- [WHAT THIS TASK INVOLVES]: Print the records exactly as written, and let no picture into the answer.

^^^^^^^^^^^^^^^^

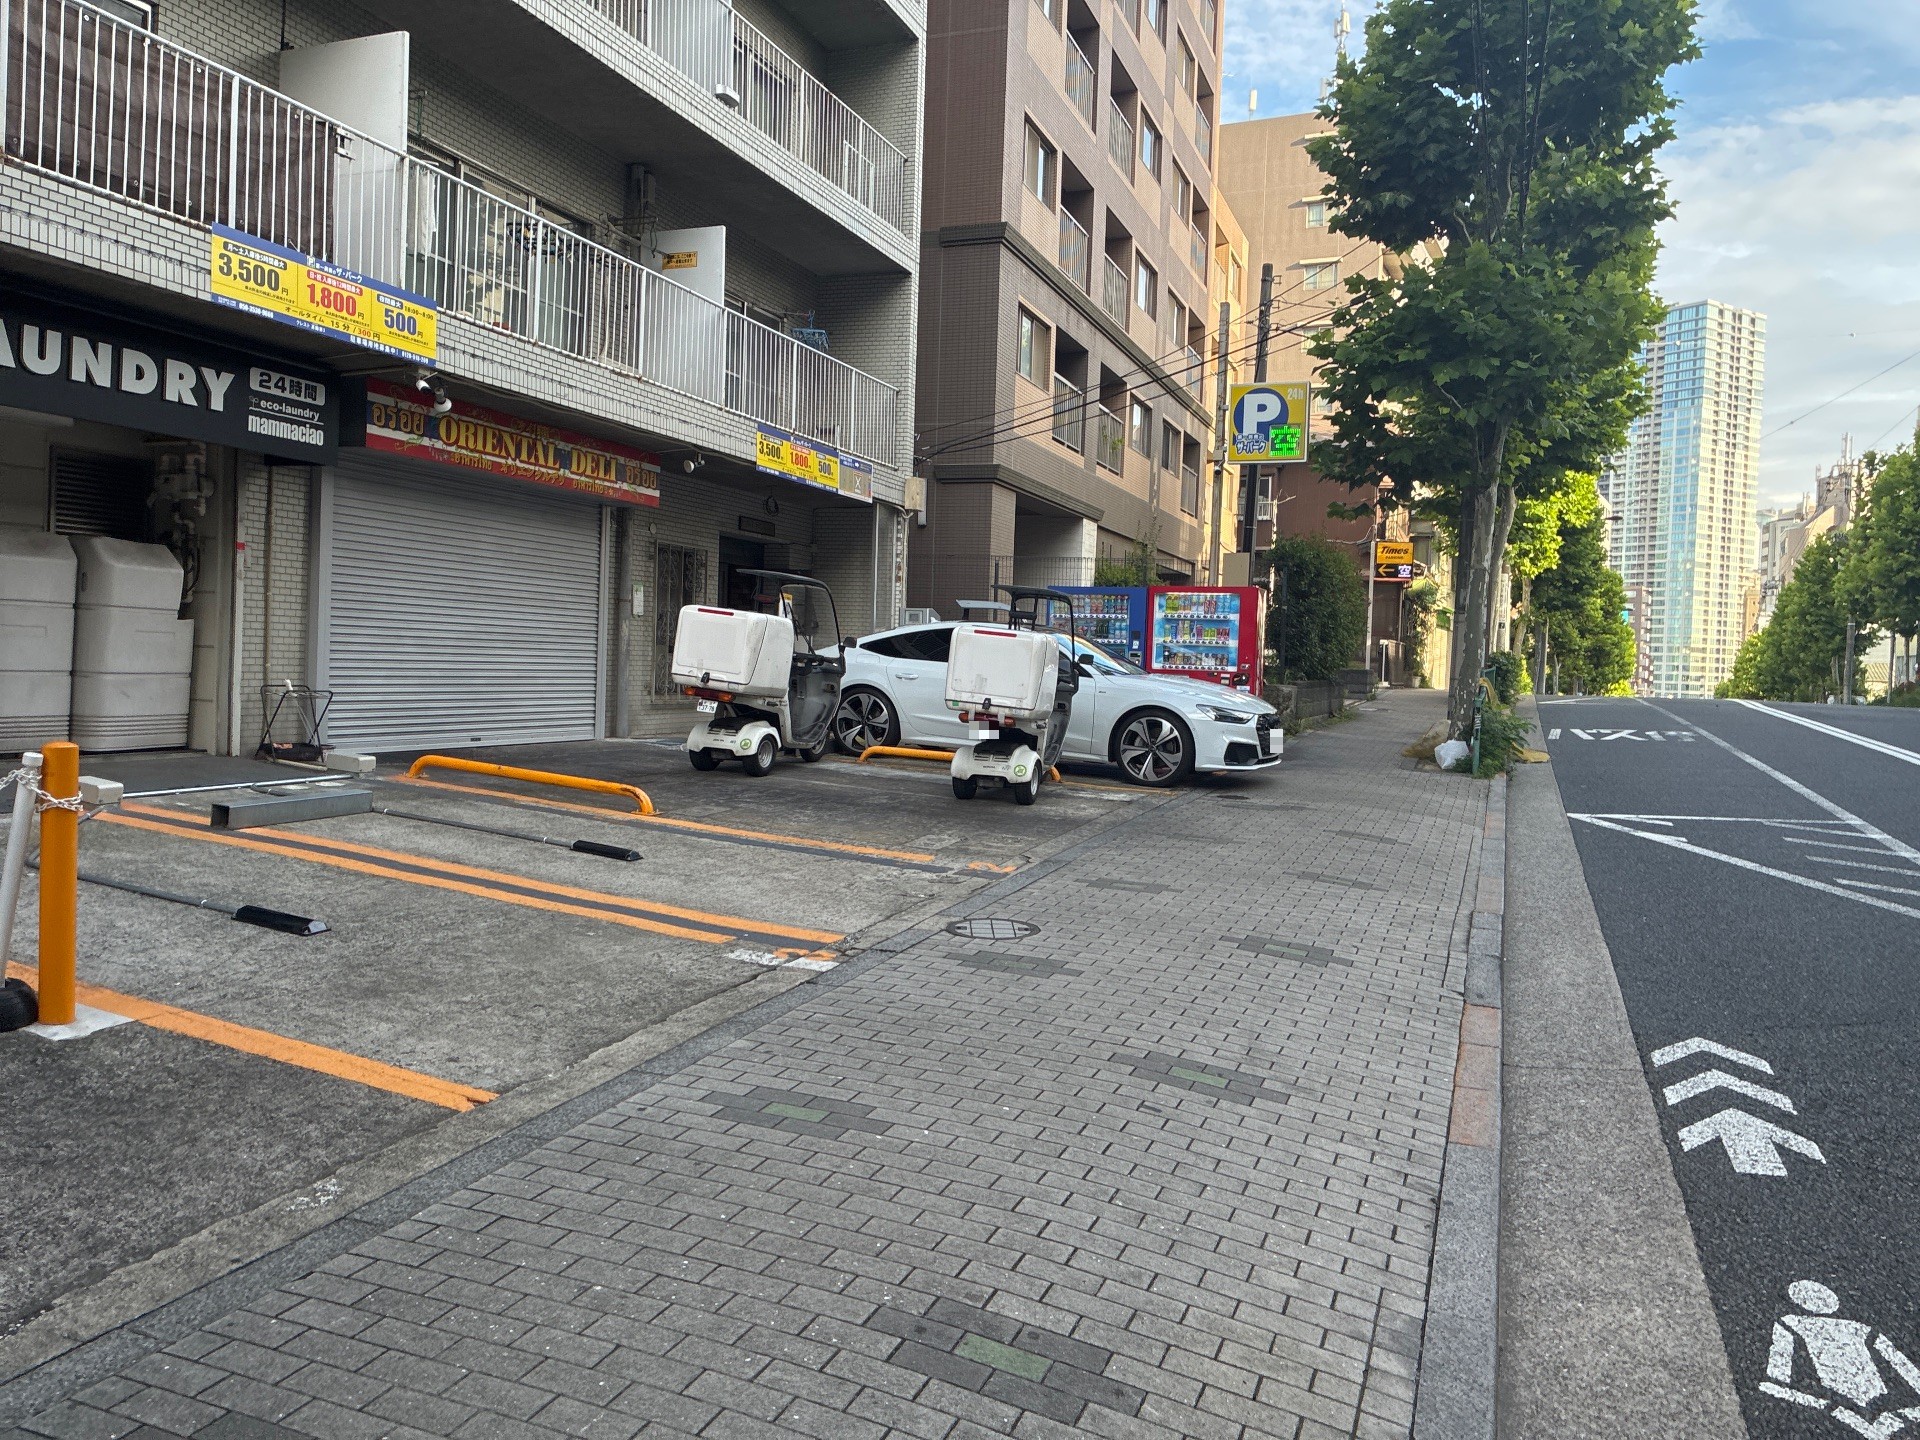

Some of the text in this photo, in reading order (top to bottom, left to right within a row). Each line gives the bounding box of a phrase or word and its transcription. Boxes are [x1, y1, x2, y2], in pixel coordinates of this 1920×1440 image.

[285, 306, 324, 323] オールタイム
[258, 371, 318, 402] 24時間
[1287, 387, 1304, 400] 24h
[260, 400, 320, 422] eco-laundry
[1243, 392, 1282, 437] P
[248, 414, 324, 446] mammaciao
[439, 415, 618, 482] ORIENTAL DELI
[1235, 440, 1266, 455] ザ・パーク
[1380, 546, 1409, 555] Times

^^^^^^^^^^^^^^^^

- [RESPONSE TO THE TASK]:
Some of the text in this photo, in reading order (top to bottom, left to right within a row). Each line gives the bounding box of a phrase or word and its transcription. Boxes are [x1, y1, x2, y2], in pixel coordinates of this 1920×1440 image.

[285, 306, 324, 323] オールタイム
[258, 371, 318, 402] 24時間
[1287, 387, 1304, 400] 24h
[260, 400, 320, 422] eco-laundry
[1243, 392, 1282, 437] P
[248, 414, 324, 446] mammaciao
[439, 415, 618, 482] ORIENTAL DELI
[1235, 440, 1266, 455] ザ・パーク
[1380, 546, 1409, 555] Times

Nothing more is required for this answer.